A differenza di tutte le altre merci che arrivavano da fuori città. C’era, quindi, una garanzia di maggiore qualità e di un rapporto qualità/prezzo migliore. Perché non dovendo pagare le tasse sul vino, le famiglie potevano venderlo a un prezzo più vantaggioso». In seguito, anche altre famiglie adottarono questo espediente. Infatti, pur non essendo nobili, possedevano anch’esse un piccolo podere dove producevano vino. Si è trattato, aggiunge, di «un’invenzione di marketing strepitosa. Dal produttore al consumatore». 

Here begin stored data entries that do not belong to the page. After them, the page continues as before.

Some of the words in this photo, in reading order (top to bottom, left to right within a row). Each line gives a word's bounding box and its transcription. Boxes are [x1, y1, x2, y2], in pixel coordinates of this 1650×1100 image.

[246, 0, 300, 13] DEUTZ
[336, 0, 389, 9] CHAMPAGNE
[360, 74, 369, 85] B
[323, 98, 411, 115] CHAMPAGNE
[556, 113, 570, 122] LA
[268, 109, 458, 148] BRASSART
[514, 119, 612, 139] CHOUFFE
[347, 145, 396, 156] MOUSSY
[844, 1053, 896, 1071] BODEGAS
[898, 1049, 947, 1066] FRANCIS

Misura di distanziamento sociale

Nate, quindi, come strumento per il commercio, l’utilizzo delle buchette si rivelò utile anche in occasione di un’epidemia come quella della peste nera. Successivamente, infatti, questi finestrini «sono stati utili durante gli anni della peste per permettere il passaggio di vino e di altri cibi senza contatto. Con alcuni accorgimenti. Come quello di far mettere le monete dentro a una ciotola che veniva riempita d’aceto per disinfettarle».

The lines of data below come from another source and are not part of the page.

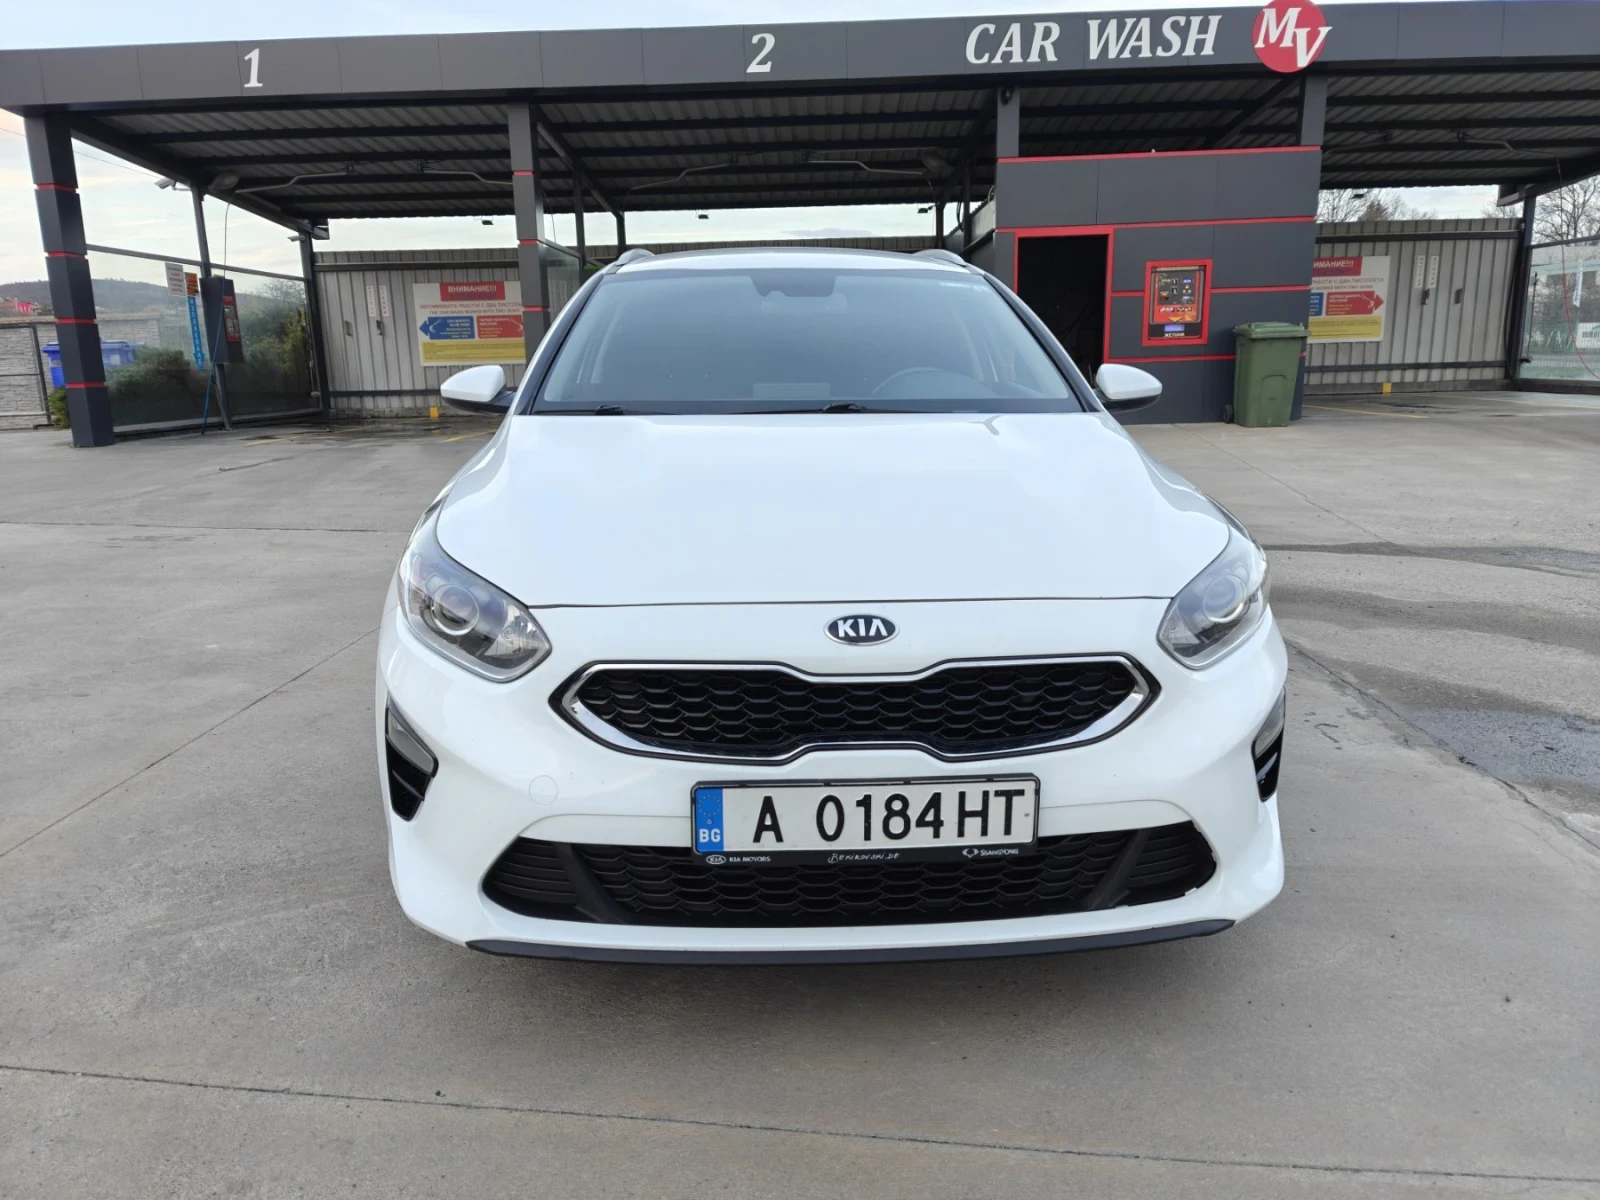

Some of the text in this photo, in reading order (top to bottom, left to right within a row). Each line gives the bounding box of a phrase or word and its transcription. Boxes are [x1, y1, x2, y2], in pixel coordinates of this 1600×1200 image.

[746, 32, 776, 73] 2
[965, 14, 1222, 64] CAR WASH
[244, 47, 263, 88] 1
[837, 618, 888, 637] KIA
[699, 828, 721, 843] BG
[752, 795, 785, 843] A
[980, 848, 1019, 857] SSANGYONG

La situazione oggi: dalla Toscana agli Usa

Le ultime tracce di buchette ancora utilizzate risalgono alla metà del 1900, quando ancora qualcuno si serviva di questo metodo per acquistare il vino. In seguito sono cadute in disuso anche per via del cambiamento dei recipienti: dal fiasco alla bottiglia. Tuttavia, qualche esercizio commerciale, subito dopo il lockdown, ha deciso di riaprirle. Attualmente ricorda Faglia, «su 150 presenti a Firenze, solo 6 sono state riabilitate. Per un motivo semplice. Quelle che corrispondono ancora a degli esercizi ancora attivi come bar o ristoranti sono poche. Molte corrispondono a palazzi, appartamenti o a luoghi non pubblici. La tendenza, per chi può restaurarne una, è di riaprirla come strumento di promozione del locale. È diventata un po’ una moda». 

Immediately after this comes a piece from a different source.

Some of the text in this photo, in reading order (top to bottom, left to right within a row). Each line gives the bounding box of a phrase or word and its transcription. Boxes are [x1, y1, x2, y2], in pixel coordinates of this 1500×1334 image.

buchetta del vino sulla facciata di Palazzo Bartolini a Firenze
Una buchetta del vino sulla facciata di Palazzo Bartolini Salimbeni Vivai a Firenze (foto da Facebook @buchettedelvino)

Quanto successo, però, ha attirato la curiosità di alcuni media stranieri che hanno dato risalto al fenomeno. Il risultato è stato la nascita di finte buchette del vino negli Stati Uniti, dove alcuni locali usano questo espediente come promozione spiegando di aver adottato questa antica usanza italiana. Tuttavia, ci tiene a precisare il presidente, anche se «dal punto di vista mediatico è sicuramente un fatto curioso e interessante, noi come associazione non ci auspichiamo la riapertura delle buchette. È una cosa ormai fuori dalla realtà. Siamo contenti, però, se queste vengono restaurate e conservate». Proprio per questo, conclude, i componenti dell’associazione stanno ultimando un libro che racconti le origini e la storia ed è in programma, quando i tempi lo permetteranno, una mostra su questo particolare fenomeno.